Mais, alors que la grève s'éternise, une lumière plus inquiétante s'esquisse pour la situation industrielle en France. Car les conséquences sur le fret de marchandises sont réelles. Certains experts commencent d'ailleurs à jongler avec des chiffres peu rassurants pour l'impact sur le PIB français et la croissance. Évidemment, en étant à la base des industries, la chimie se trouve déjà fortement impactée. « Cela coûte environ 25 millions d'euros par semaine », calcule Pascal Perrochon, responsable Affaires internationales et Transport et logistique à l'UIC. Un constat très précis est pour l'heure impossible à dresser pour le secteur chimique en raison de la diversité de cette industrie. Parmi les secteurs, ceux des « engrais et fertilisants sont très touchés », rapporte Pascal Perrochon. Au total, entre 400 et 500 entreprises sont concernées par les difficultés actuelles rencontrées par le fret ferroviaire.

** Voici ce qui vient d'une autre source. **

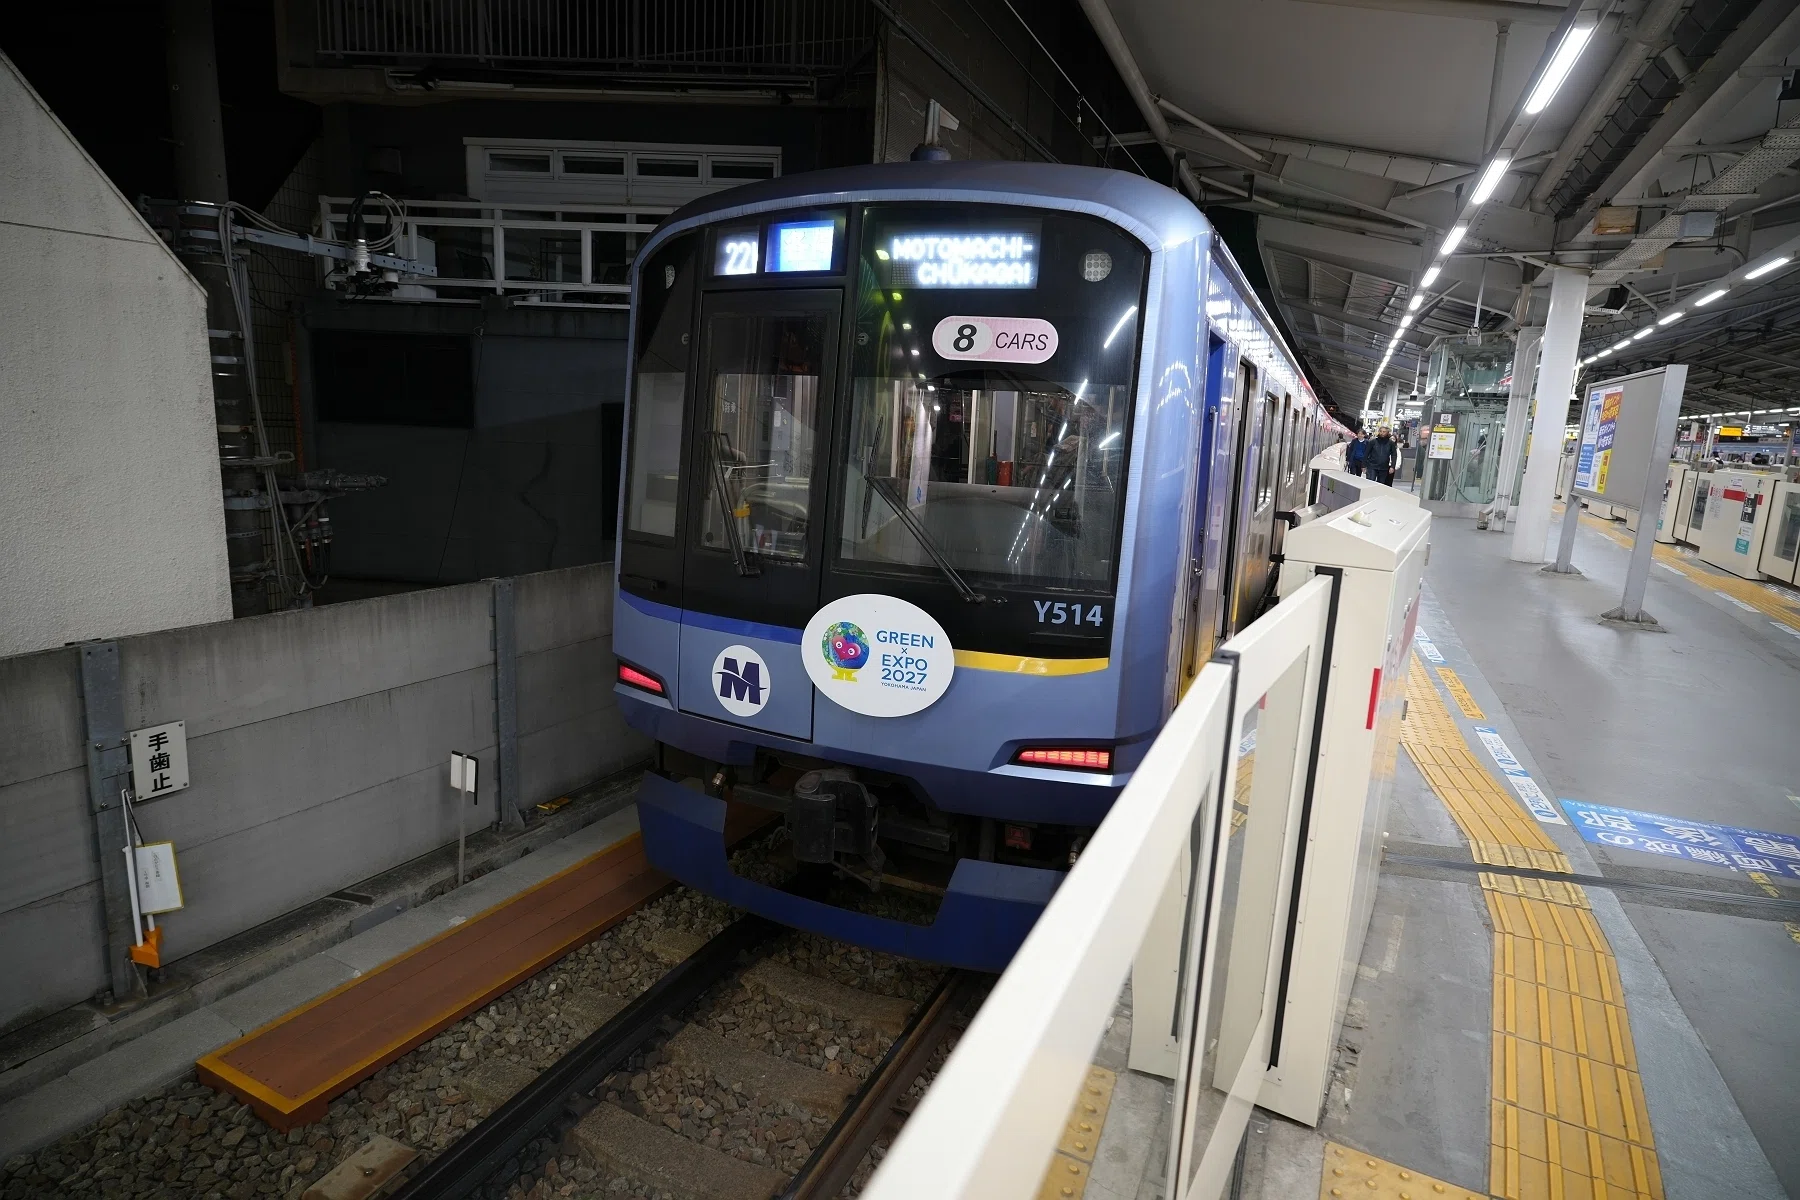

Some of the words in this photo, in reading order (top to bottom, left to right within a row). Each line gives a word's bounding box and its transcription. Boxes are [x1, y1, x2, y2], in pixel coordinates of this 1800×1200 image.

[892, 236, 1034, 260] MOTOMACHI-
[953, 324, 978, 353] 8
[995, 332, 1049, 351] CARS
[1033, 600, 1104, 627] Y514
[876, 630, 934, 649] GREEN
[882, 653, 928, 671] EXPO
[881, 667, 928, 685] 2027
[881, 682, 909, 690] YOKOHAMA
[149, 732, 172, 792] 手歯止
[1577, 810, 1800, 860] 最後部

Des entreprises allant de la PME au grand groupe, et représentant un chiffre d'affaires annuel d'environ 8 Mrds € et 16 000 emplois directs.

 

« Les risques de réduction de production sont réels »
 

Le blocage du fret ferroviaire a plusieurs conséquences. D'abord pour l'acheminement des matières premières. Mais aussi pour l'expédition des produits. Les entreprises se retrouvent ainsi confrontées soit à l'un, soit à l'autre, soit au deux. Or, avec le manque d'approvisionnement, les risques de réduction de production sont réels voire inévitables en cas de prolongement de la situation. L'UIC indiquait notamment en fin de semaine dernière qu'une durée de plus de 10 jours de grève conduirait à des « arrêts significatifs ». La production risque aussi d'être ralentie en raison des limites imposées au stockage de produits sur les sites. Au-delà de l'impact économique pour les entreprises, c'est aussi le spectre du chômage partiel qui fait surface. Au-delà de la seule chimie, ce sont des menaces qui pèsent aussi sur tous les secteurs en aval pour leurs approvisionnements.

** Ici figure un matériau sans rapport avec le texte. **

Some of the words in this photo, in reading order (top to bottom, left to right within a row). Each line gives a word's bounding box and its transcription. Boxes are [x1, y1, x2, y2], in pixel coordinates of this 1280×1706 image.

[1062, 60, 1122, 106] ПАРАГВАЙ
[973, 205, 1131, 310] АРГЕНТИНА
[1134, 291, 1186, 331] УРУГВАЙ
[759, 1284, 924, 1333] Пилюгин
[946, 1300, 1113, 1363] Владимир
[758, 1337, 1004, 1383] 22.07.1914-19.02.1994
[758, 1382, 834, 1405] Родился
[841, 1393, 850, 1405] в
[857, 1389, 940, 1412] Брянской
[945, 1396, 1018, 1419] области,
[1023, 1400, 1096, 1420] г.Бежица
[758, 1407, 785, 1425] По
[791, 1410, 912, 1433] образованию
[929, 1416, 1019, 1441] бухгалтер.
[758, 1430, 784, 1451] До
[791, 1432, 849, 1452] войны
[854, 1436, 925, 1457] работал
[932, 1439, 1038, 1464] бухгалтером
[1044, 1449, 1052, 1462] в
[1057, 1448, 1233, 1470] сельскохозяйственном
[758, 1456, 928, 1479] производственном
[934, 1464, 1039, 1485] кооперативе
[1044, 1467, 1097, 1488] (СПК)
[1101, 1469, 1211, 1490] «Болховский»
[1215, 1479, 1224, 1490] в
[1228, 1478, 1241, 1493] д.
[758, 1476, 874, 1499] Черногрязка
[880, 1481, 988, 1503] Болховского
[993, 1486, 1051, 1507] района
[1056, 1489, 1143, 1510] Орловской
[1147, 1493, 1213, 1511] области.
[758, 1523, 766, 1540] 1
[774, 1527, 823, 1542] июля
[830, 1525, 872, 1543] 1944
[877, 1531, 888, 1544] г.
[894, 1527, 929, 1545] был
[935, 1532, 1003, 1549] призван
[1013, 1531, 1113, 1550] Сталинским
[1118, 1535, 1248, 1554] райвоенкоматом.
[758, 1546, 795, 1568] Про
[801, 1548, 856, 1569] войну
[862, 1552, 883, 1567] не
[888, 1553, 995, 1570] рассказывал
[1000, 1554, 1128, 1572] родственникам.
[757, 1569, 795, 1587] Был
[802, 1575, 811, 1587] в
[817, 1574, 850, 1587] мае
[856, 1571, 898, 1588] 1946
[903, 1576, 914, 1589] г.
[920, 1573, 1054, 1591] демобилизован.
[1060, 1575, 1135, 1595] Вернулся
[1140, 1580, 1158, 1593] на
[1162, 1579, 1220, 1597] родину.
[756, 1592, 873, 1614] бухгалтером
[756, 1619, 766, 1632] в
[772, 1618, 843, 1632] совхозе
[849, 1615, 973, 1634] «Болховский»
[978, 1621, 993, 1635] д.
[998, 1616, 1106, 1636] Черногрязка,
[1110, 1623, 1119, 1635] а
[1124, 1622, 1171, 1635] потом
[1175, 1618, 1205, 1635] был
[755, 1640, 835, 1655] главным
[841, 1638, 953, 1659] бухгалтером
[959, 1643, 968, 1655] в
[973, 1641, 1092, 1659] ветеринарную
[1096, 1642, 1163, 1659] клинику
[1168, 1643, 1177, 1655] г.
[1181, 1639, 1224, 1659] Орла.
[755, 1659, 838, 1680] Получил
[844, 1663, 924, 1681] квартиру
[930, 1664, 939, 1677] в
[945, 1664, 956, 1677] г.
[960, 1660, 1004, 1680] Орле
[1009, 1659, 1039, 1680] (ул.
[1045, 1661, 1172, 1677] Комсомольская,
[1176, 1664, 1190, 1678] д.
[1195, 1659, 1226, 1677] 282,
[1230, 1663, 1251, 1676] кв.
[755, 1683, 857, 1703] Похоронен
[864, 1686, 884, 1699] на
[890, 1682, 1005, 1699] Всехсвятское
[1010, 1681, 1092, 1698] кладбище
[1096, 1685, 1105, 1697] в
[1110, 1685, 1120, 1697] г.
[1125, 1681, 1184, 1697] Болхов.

En termes de produits il est également difficile de dresser un constat précis. Techniquement aujourd'hui, aucun produit chimique n'est strictement cantonné à la seule voie ferroviaire. À quelques rares exceptions, en fonction des préfectures qui peuvent interdire le transit autre que ferroviaire pour certaines matières dangereuses. C'est notamment le cas pour l'oxyde d'éthylène en Provence-Alpes-Côte-d'Azur. De toute manière, pour des raisons de sécurité, la grande majorité des industriels de la chimie privilégient le rail, jugé bien plus sécuritaire que la route, pour des produits dangereux, comme l'ammoniac ou le chlore. La question des volumes est également d'importance, un train pouvant transporter bien plus qu'un convoi de camions. Les alternatives sont ainsi très complexes. D'ailleurs les sites industriels disposent parfois d'infrastructures de dépotage et de chargement adaptées spécifiquement au rail, et qui ne peuvent être utilisées pour des transports par route. Et vice-versa.

Dans ce sombre panorama, on peut malgré tout noter que le fret ferroviaire représente seulement 10 % du transport de la chimie, la route comptant pour 85 %. Ce qui limite un peu les dégâts. Toutefois avec la congestion et l'engorgement actuel des trains, Pascal Perrochon alerte sur le fait qu'il faudra, à l'issue de la grève, « plusieurs semaines pour un retour à la normale ». D'autant que les procédés inhérents à l'industrie chimique font que les productions peuvent rarement s'arrêter et redémarrer du jour au lendemain. Ainsi, plus la grève durera, plus ce sera pénalisant.